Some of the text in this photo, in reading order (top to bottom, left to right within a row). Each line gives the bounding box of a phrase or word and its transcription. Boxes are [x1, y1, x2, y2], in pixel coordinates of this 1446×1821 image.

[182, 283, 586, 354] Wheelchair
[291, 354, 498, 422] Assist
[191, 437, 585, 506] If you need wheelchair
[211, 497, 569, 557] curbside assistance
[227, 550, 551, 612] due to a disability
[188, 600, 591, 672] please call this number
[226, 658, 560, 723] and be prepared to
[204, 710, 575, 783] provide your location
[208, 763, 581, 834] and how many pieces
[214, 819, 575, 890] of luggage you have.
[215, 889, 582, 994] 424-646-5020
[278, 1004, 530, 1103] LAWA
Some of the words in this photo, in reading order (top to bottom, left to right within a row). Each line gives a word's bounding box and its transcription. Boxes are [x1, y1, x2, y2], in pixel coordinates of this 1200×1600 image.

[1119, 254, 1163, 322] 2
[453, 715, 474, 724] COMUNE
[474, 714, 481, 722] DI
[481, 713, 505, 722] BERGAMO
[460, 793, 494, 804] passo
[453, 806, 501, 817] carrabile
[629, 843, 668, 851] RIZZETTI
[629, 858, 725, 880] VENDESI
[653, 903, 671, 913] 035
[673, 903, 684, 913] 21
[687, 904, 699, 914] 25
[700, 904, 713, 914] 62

####

**TASK DESCRIPTION:** Transcribe the whole listing exactly.

**SOLVED EXERCISE:**
Some of the text in this photo, in reading order (top to bottom, left to right within a row). Each line gives the bounding box of a phrase or word and its transcription. Boxes are [x1, y1, x2, y2], in pixel coordinates of this 1446×1821 image.

[182, 283, 586, 354] Wheelchair
[291, 354, 498, 422] Assist
[191, 437, 585, 506] If you need wheelchair
[211, 497, 569, 557] curbside assistance
[227, 550, 551, 612] due to a disability
[188, 600, 591, 672] please call this number
[226, 658, 560, 723] and be prepared to
[204, 710, 575, 783] provide your location
[208, 763, 581, 834] and how many pieces
[214, 819, 575, 890] of luggage you have.
[215, 889, 582, 994] 424-646-5020
[278, 1004, 530, 1103] LAWA
Some of the words in this photo, in reading order (top to bottom, left to right within a row). Each line gives a word's bounding box and its transcription. Boxes are [x1, y1, x2, y2], in pixel coordinates of this 1200×1600 image.

[1119, 254, 1163, 322] 2
[453, 715, 474, 724] COMUNE
[474, 714, 481, 722] DI
[481, 713, 505, 722] BERGAMO
[460, 793, 494, 804] passo
[453, 806, 501, 817] carrabile
[629, 843, 668, 851] RIZZETTI
[629, 858, 725, 880] VENDESI
[653, 903, 671, 913] 035
[673, 903, 684, 913] 21
[687, 904, 699, 914] 25
[700, 904, 713, 914] 62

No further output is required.